Task brief »
Give back every record word for word, but keep the pictures out.

/---

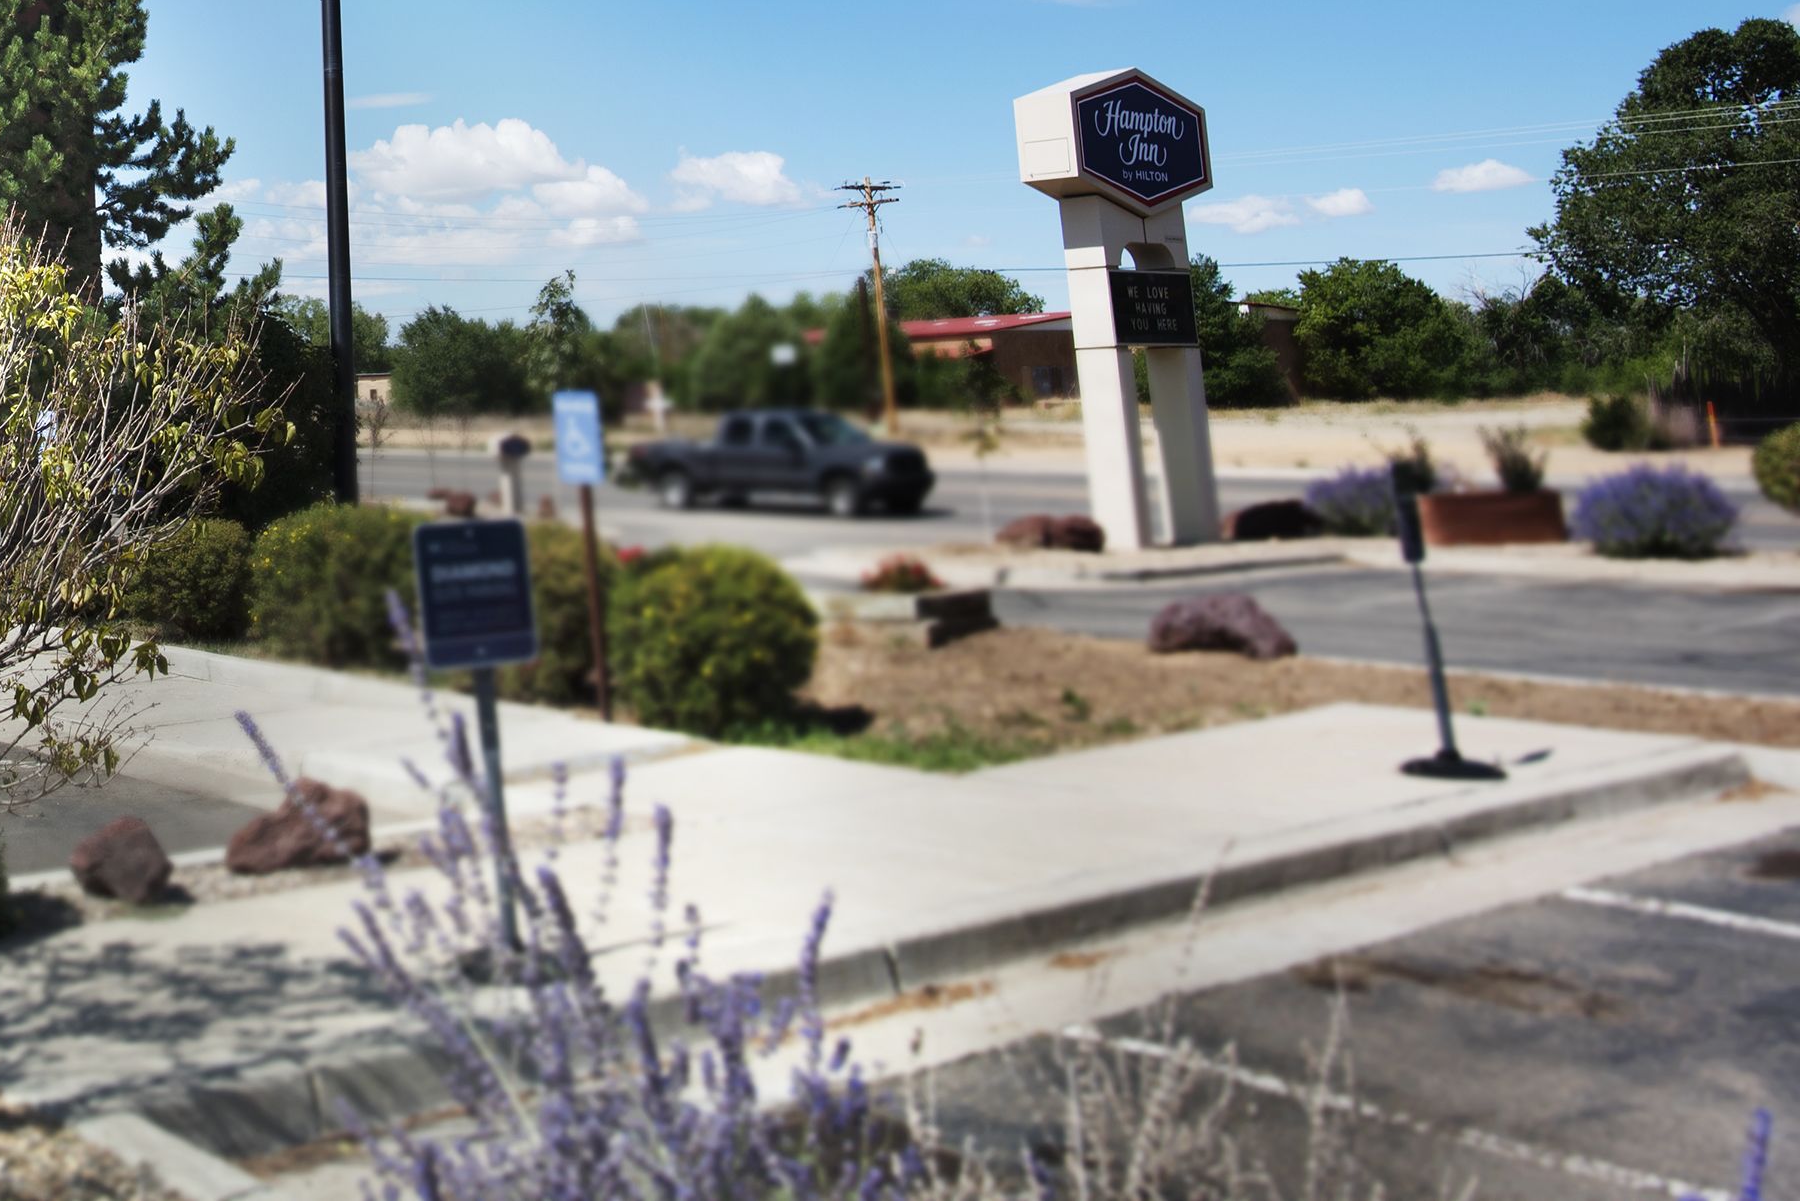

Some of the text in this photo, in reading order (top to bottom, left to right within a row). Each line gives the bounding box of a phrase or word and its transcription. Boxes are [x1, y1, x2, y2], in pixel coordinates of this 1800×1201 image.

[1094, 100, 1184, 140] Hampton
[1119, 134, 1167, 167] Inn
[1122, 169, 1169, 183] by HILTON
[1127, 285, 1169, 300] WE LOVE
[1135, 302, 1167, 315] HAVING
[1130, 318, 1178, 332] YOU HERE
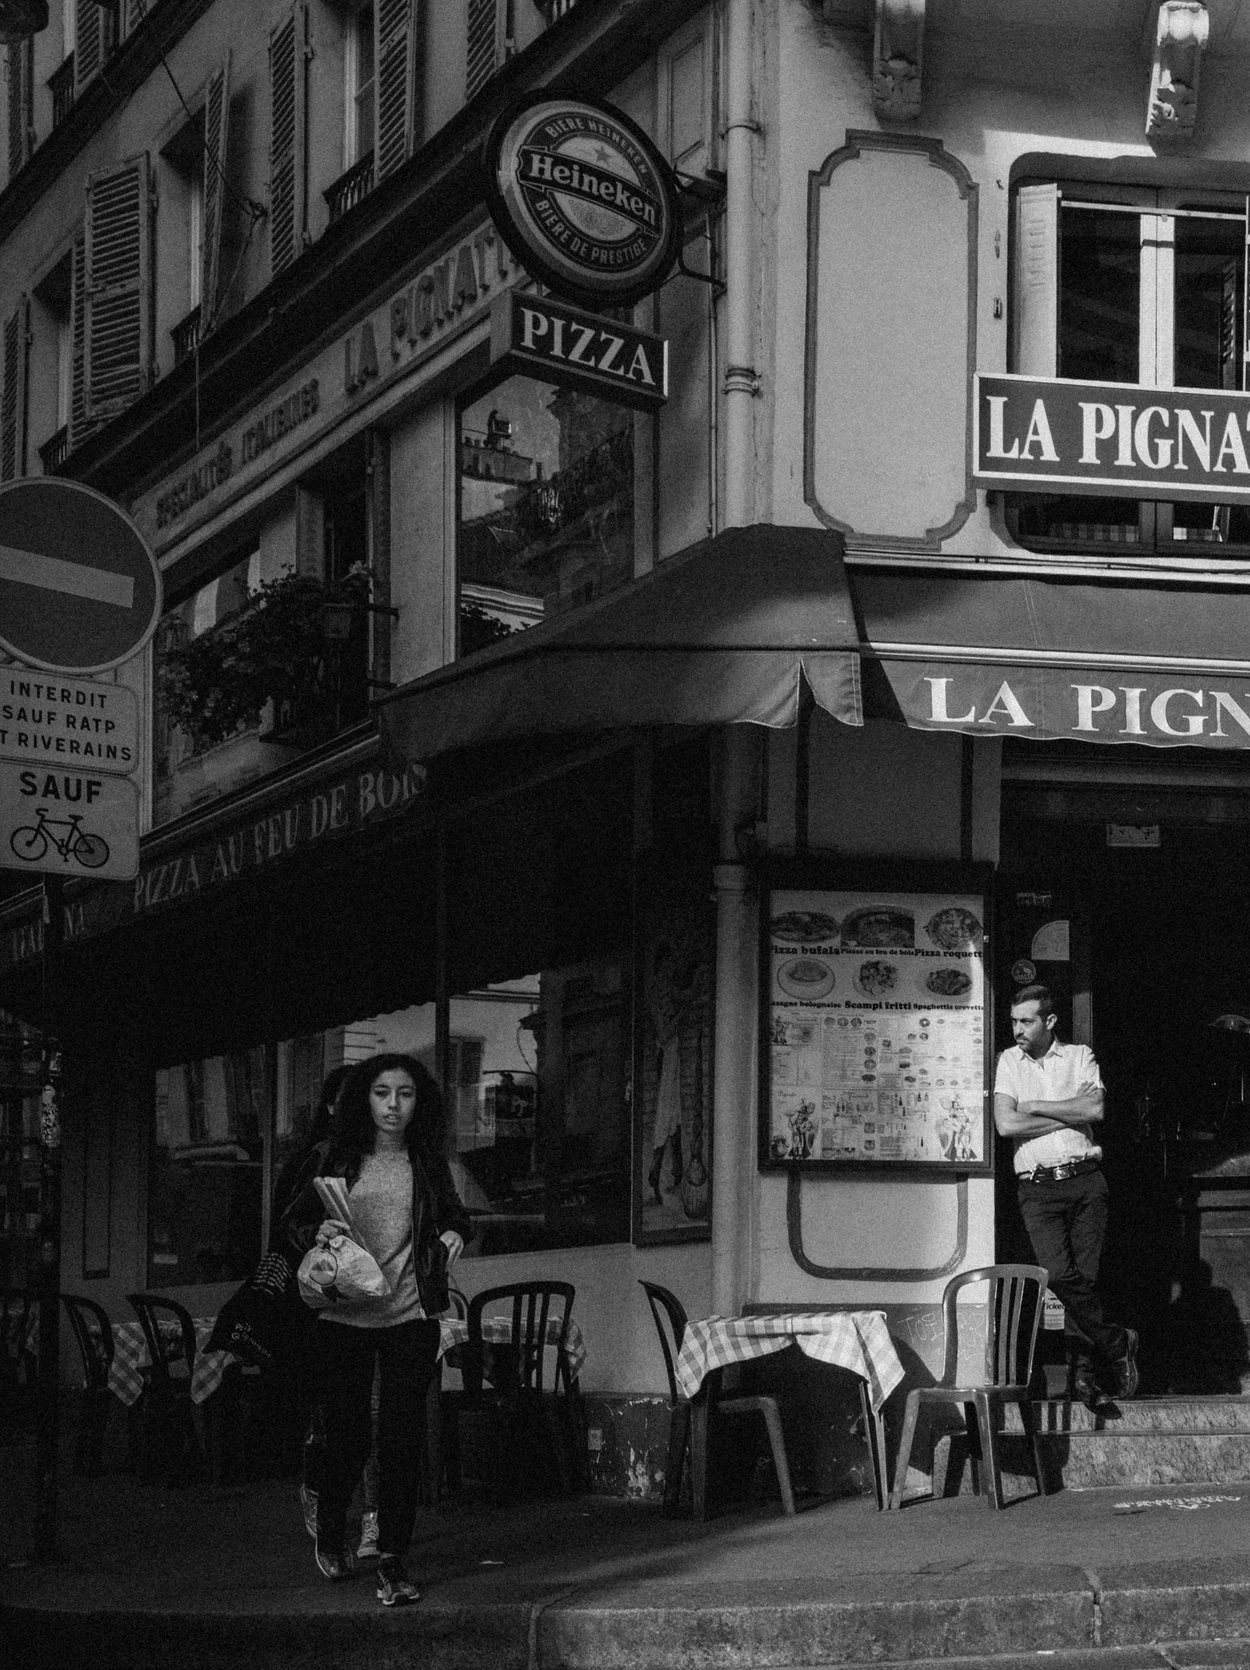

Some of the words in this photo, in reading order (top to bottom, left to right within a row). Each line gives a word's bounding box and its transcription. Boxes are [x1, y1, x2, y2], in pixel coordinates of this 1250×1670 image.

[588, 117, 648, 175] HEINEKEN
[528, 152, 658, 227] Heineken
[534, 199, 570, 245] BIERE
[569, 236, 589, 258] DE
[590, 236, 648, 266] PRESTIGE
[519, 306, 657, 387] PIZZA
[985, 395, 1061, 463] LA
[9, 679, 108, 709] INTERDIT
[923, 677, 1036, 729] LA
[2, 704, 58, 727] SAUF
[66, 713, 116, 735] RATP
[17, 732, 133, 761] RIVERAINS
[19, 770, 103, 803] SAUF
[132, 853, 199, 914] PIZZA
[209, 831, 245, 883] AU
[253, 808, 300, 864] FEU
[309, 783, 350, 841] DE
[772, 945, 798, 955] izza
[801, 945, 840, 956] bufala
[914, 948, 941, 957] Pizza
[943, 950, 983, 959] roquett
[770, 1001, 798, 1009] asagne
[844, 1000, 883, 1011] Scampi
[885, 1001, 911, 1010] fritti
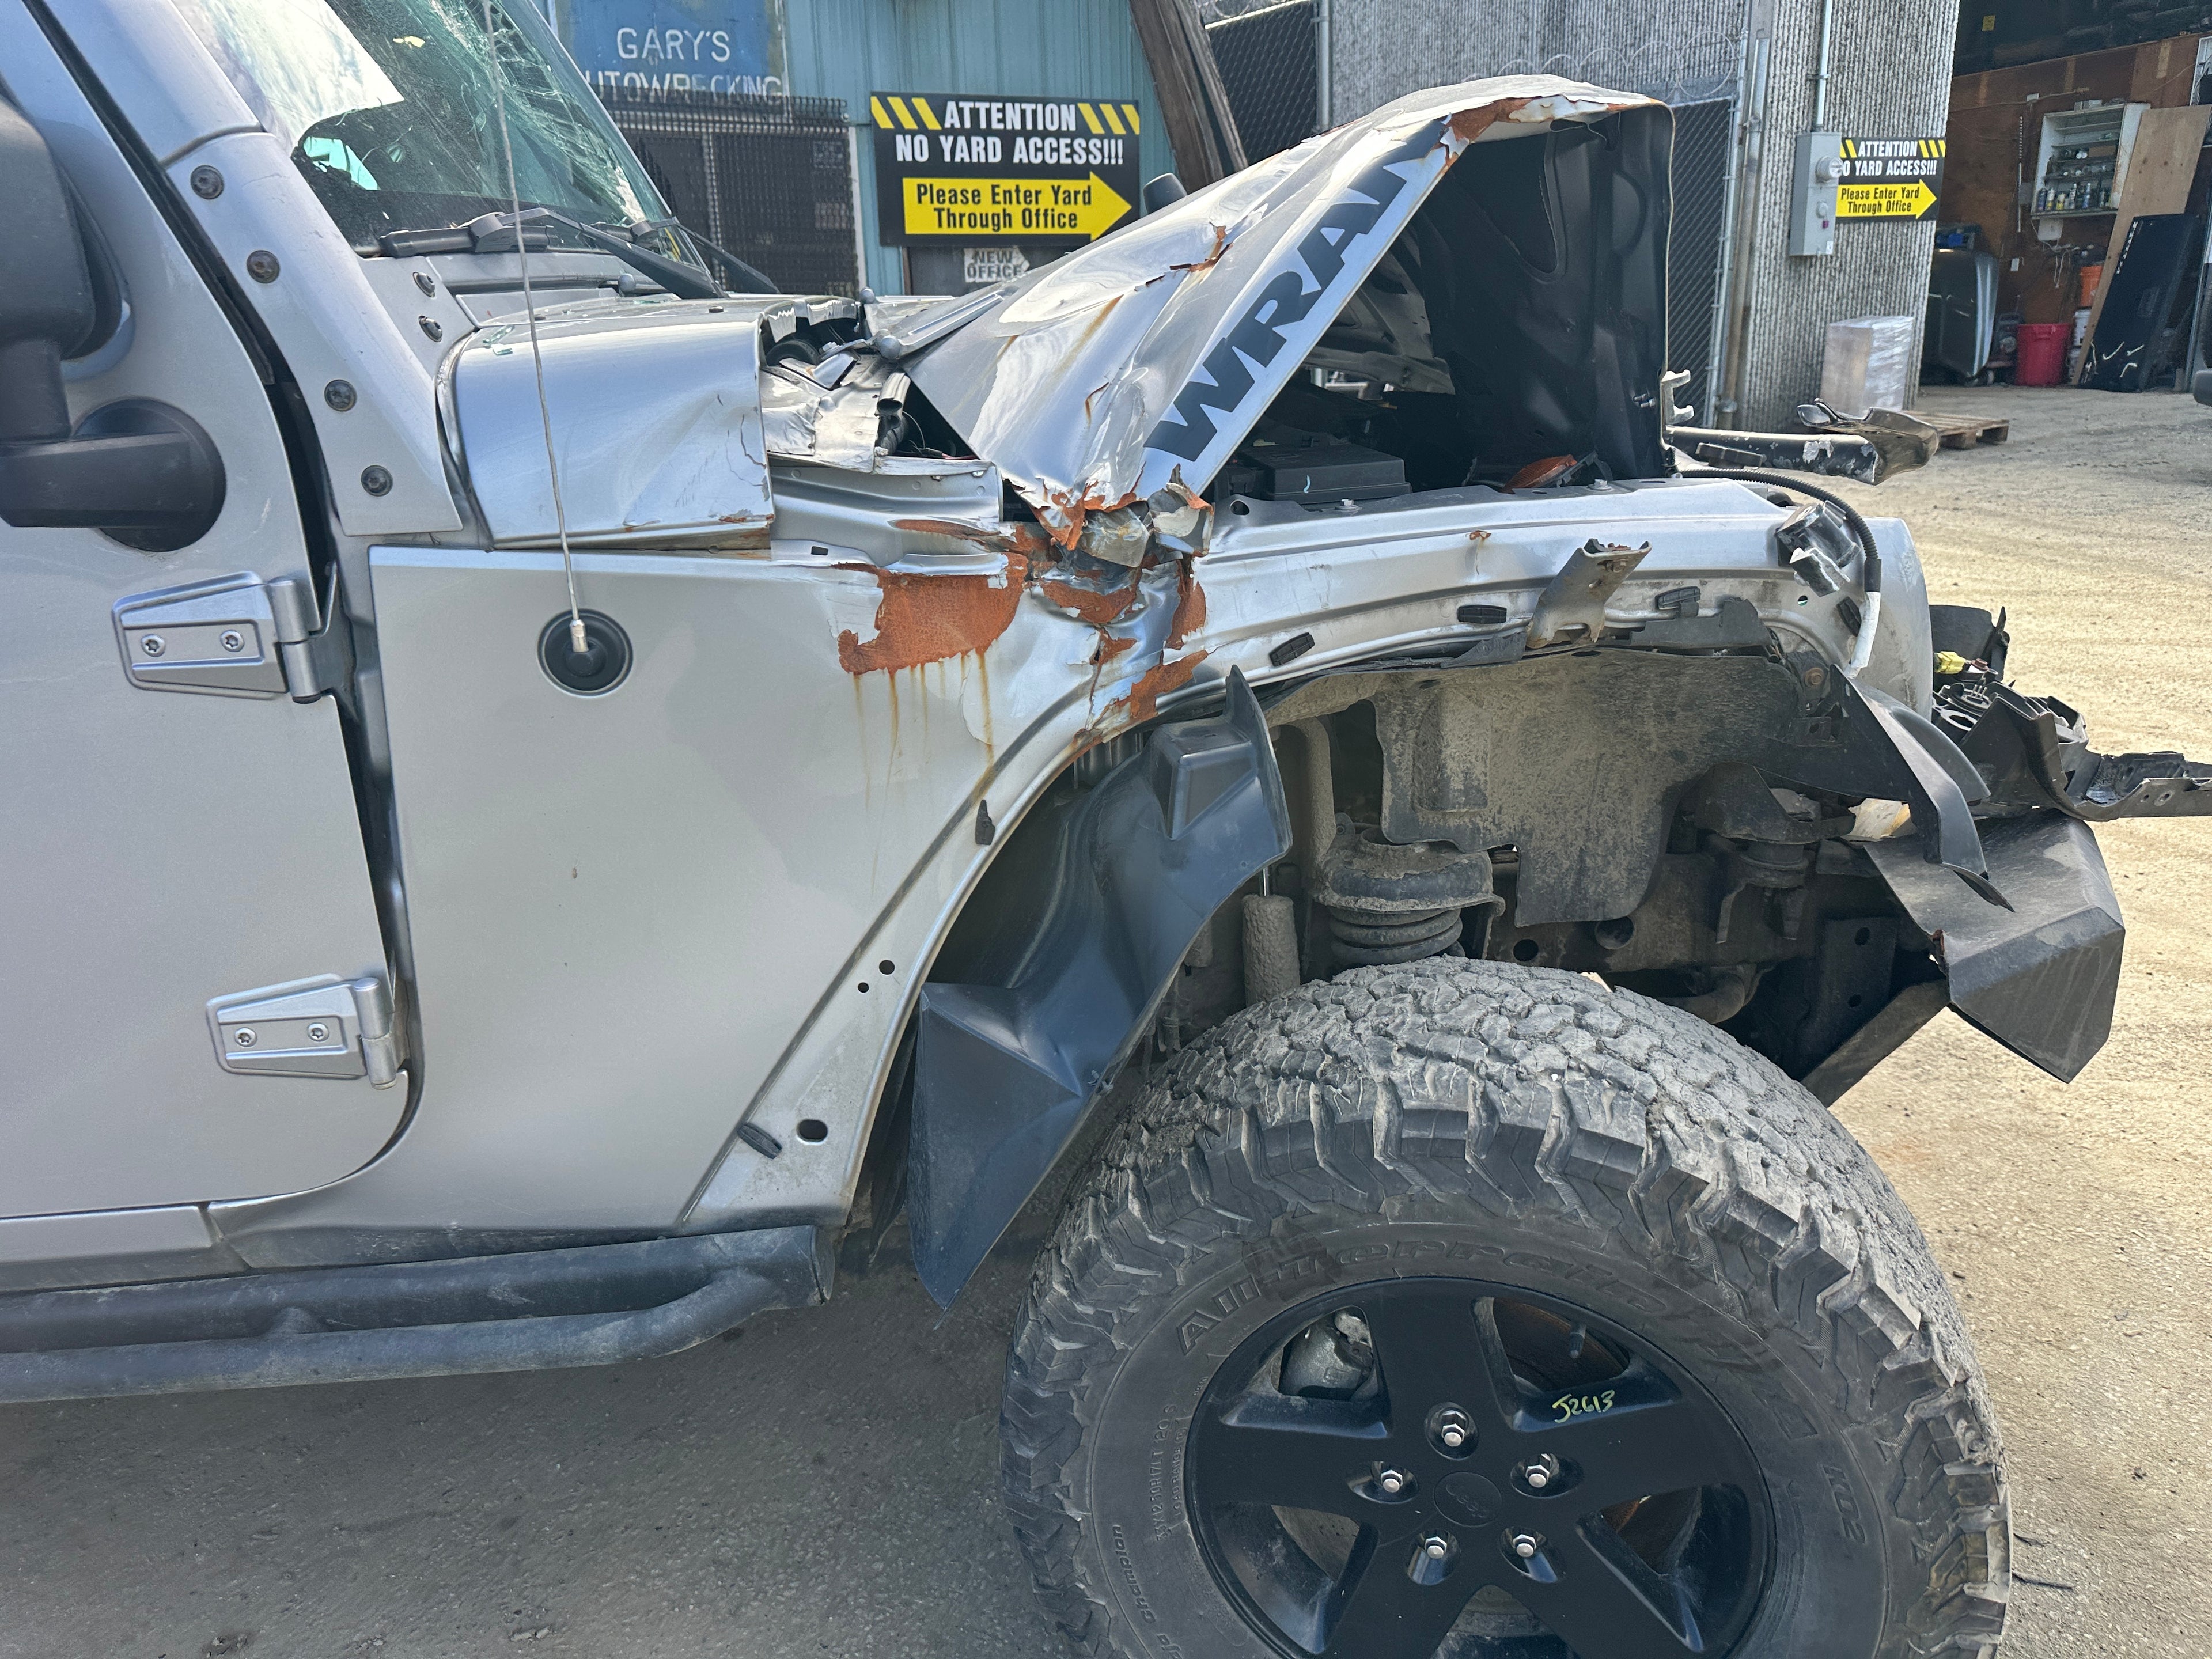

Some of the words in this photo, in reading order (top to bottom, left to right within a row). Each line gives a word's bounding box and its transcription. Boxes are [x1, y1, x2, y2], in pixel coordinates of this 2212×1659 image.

\---

Response to the task »
Some of the text in this photo, in reading order (top to bottom, left to right within a row). Each line gives the bounding box of a phrase or word and its transcription. Boxes are [x1, y1, x2, y2], in pixel coordinates of this 1800×1201 image.

[1094, 100, 1184, 140] Hampton
[1119, 134, 1167, 167] Inn
[1122, 169, 1169, 183] by HILTON
[1127, 285, 1169, 300] WE LOVE
[1135, 302, 1167, 315] HAVING
[1130, 318, 1178, 332] YOU HERE

Some of the words in this photo, in reading order (top to bottom, left to right within a row). Each line gives a word's bounding box and its transcription. Boxes are [x1, y1, x2, y2], in pixel coordinates of this 1250×1670 image.

[588, 117, 648, 175] HEINEKEN
[528, 152, 658, 227] Heineken
[534, 199, 570, 245] BIERE
[569, 236, 589, 258] DE
[590, 236, 648, 266] PRESTIGE
[519, 306, 657, 387] PIZZA
[985, 395, 1061, 463] LA
[9, 679, 108, 709] INTERDIT
[923, 677, 1036, 729] LA
[2, 704, 58, 727] SAUF
[66, 713, 116, 735] RATP
[17, 732, 133, 761] RIVERAINS
[19, 770, 103, 803] SAUF
[132, 853, 199, 914] PIZZA
[209, 831, 245, 883] AU
[253, 808, 300, 864] FEU
[309, 783, 350, 841] DE
[772, 945, 798, 955] izza
[801, 945, 840, 956] bufala
[914, 948, 941, 957] Pizza
[943, 950, 983, 959] roquett
[770, 1001, 798, 1009] asagne
[844, 1000, 883, 1011] Scampi
[885, 1001, 911, 1010] fritti

Some of the words in this photo, in reading order (top to bottom, left to right within a row). Each line gives a word's bounding box and its transcription. Boxes are [x1, y1, x2, y2], in pixel coordinates of this 2212×1659 image.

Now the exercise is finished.